The change in cash, marketable securities and restricted cash at June 1, 2014 compared to March 2, 2014 was the result of cash provided by operating activities and a number of additional factors, including the following:
● |
accounts receivable were 24% higher at June 1, 2014 than at March 2, 2014 primarily due to the increase in sales; |
● |
inventories were 9% higher at June 1, 2014 than at March 2, 2014 primarily due to an increase in the quantities of work-in-process and finished goods inventories; |
● |
prepaid expenses and other current assets were 11% lower at June 1, 2014 than at March 2, 2014 primarily due to a tax refund received during the 13 weeks ended June 1, 2014, partially offset by an increase in prepaid expenses; |
● |
accounts payable and accrued liabilities increased by 39% at June 1, 2014 compared to March 2, 2014 primarily as a result of higher inventory purchases in the 2015 fiscal year first quarter than in the 2014 fiscal year fourth quarter to sustain the increase in net sales and production volumes; and |
● |
income taxes payable increased 54% at June 1, 2014 compared to March 2, 2014 primarily as a result of the current period tax provision. |
In addition, as described below, the Company paid $2.1 million in cash dividends in both the 2015 fiscal year first quarter and the 2014 fiscal year first quarter.
Working Capital
The increase in working capital at June 1, 2014 compared to March 2, 2014 was due principally to the increases in cash and marketable securities, accounts receivable and inventories partially offset by increases in accounts payable, current portion of long-term debt, income taxes payable and accrued liabilities.
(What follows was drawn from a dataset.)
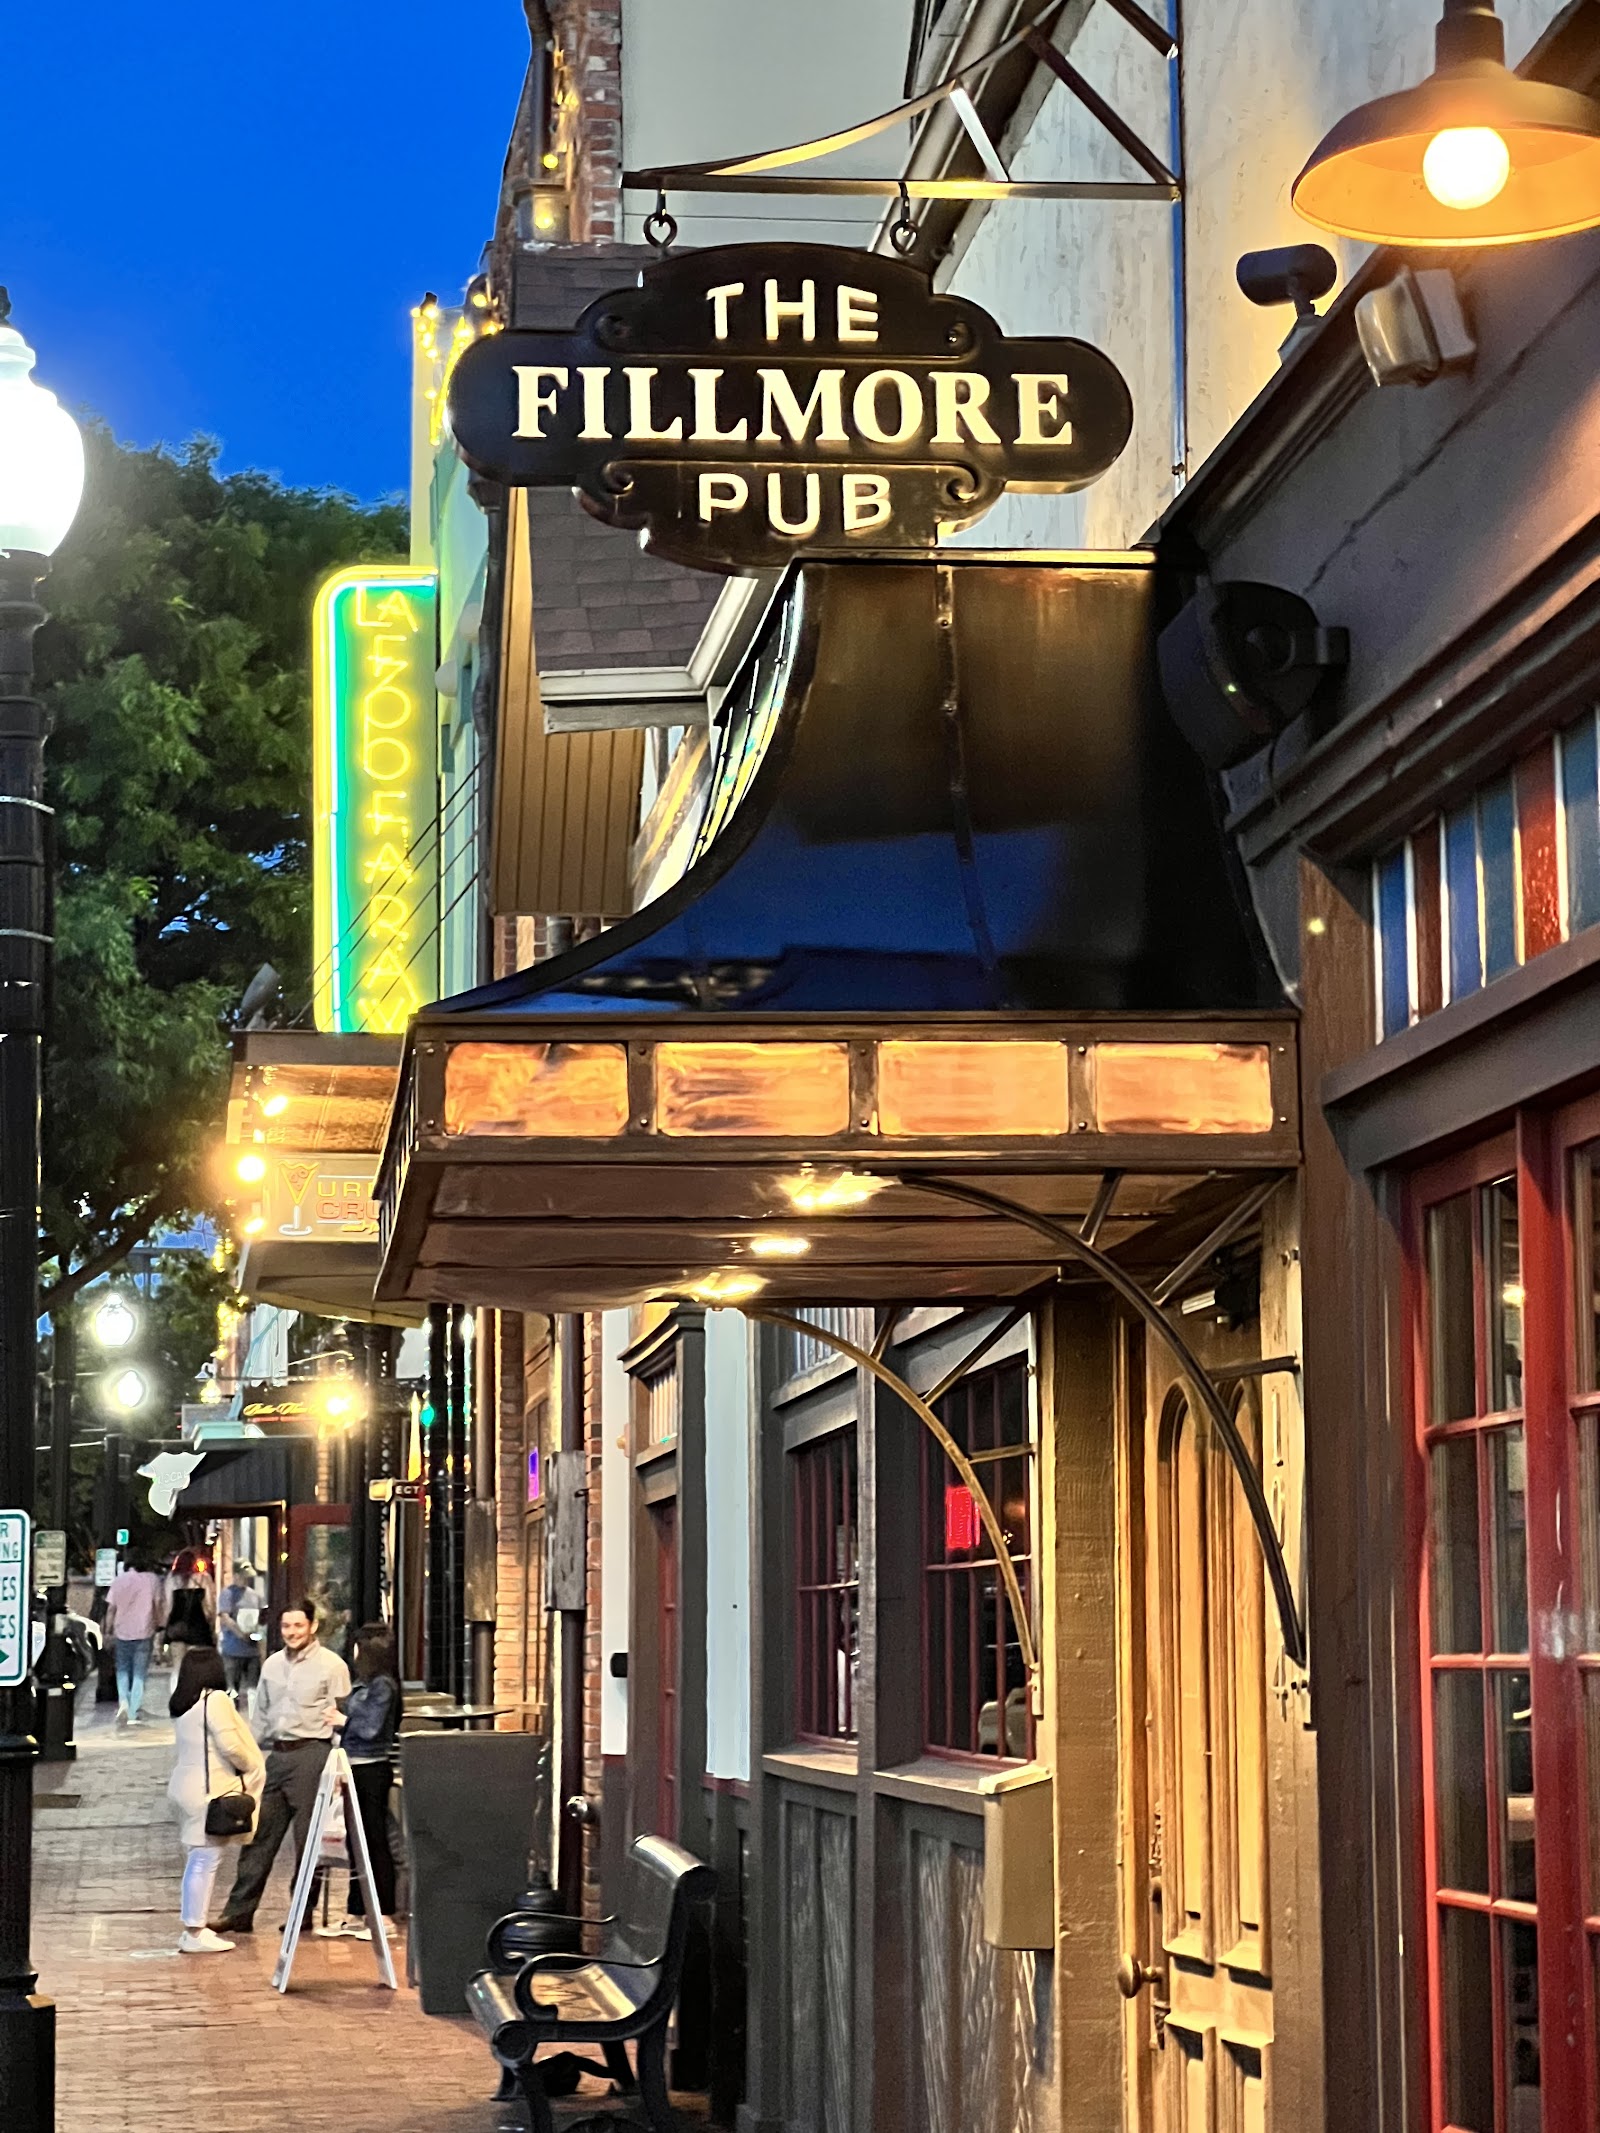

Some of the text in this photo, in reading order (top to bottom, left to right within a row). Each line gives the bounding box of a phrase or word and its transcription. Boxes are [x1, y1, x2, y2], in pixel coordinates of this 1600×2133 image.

[706, 278, 879, 342] THE
[511, 365, 1074, 446] FILLMORE
[698, 472, 892, 539] PUB
The Company's current ratio (the ratio of current assets to current liabilities) was 9.9 to 1 at June 1, 2014 compared to 12.8 to 1 at March 2, 2014.
Cash Flows
During the 13 weeks ended June 1, 2014, net earnings from the Company's operations, before depreciation and amortization, stock based compensation and amortization of bond premium of $9.7 million reduced by a net increase in working capital items, resulted in $9.3 million of cash provided by operating activities. During the same 13 weeks, the Company expended $53,000 for the purchase of property, plant and equipment, primarily for the purchase of equipment for the Company’s PATC business unit, compared with $464,000 for the 13 weeks ended June 2, 2013, and paid $2.1 million in dividends on its common stock in each of such 13-week periods.
Debt
At June 1, 2014 and March 2, 2014, the Company had $104.0 million of bank debt. In the fourth quarter of 2014, the Company entered into a four-year amended and restated revolving credit facility agreement (the “Amended Credit Agreement”) with PNC Bank, National Association. The Amended Credit Agreement provides for loans up to $104.0 million to the Company and letters of credit up to $2.0 million for the account of the Company, and subject to the terms and conditions of the Amended Credit Agreement, an interest rate on the outstanding loan balance of LIBOR plus 1.10%. Other interest rate options are available to the Company under the Amended Credit Agreement. At the end of 2014, the Company borrowed $104.0 million under the Amended Credit Agreement and used all of such borrowed funds to finance the payment of a special cash dividend of $2.50 per share, totaling $52.2 million, paid to its shareholders on February 25, 2014 and to continue the $52.0 million loan that was provided under the credit facility agreement that the Company entered into with PNC Bank in January 2013 to finance the payment of a special cash dividend of $2.50 per share, totaling $52.0 million, paid to the Company’s shareholders on February 26, 2013. The Amended Credit Agreement entered into in 2014 replaced the credit facility agreement entered into in 2013. The Company incurred $0.3 million of interest expense in the 13 weeks ended June 1, 2014 under the Amended Credit Agreement. The $104.0 million outstanding amount under the Amended Credit Agreement will be paid as follows: $10.0 million due on February 12, 2015 followed by four quarterly installments of $2.5 million and then eight quarterly installments of $3.8 million with the remaining amount outstanding payable on February 12, 2018. The Amended Credit Agreement also contains certain customary affirmative and negative covenants and customary financial covenants, including maintaining minimum domestic liquid assets of $25,000 in cash and marketable securities. See Note 5 of the Notes to Consolidated Financial Statements included elsewhere in this Report.
Other Liquidity Factors
The Company believes its financial resources will be sufficient, for the foreseeable future, to provide for continued investment in working capital and property, plant and equipment and for general corporate purposes. Such resources would also be available for purchases of the Company's common stock, appropriate acquisitions and other expansions of the Company's business.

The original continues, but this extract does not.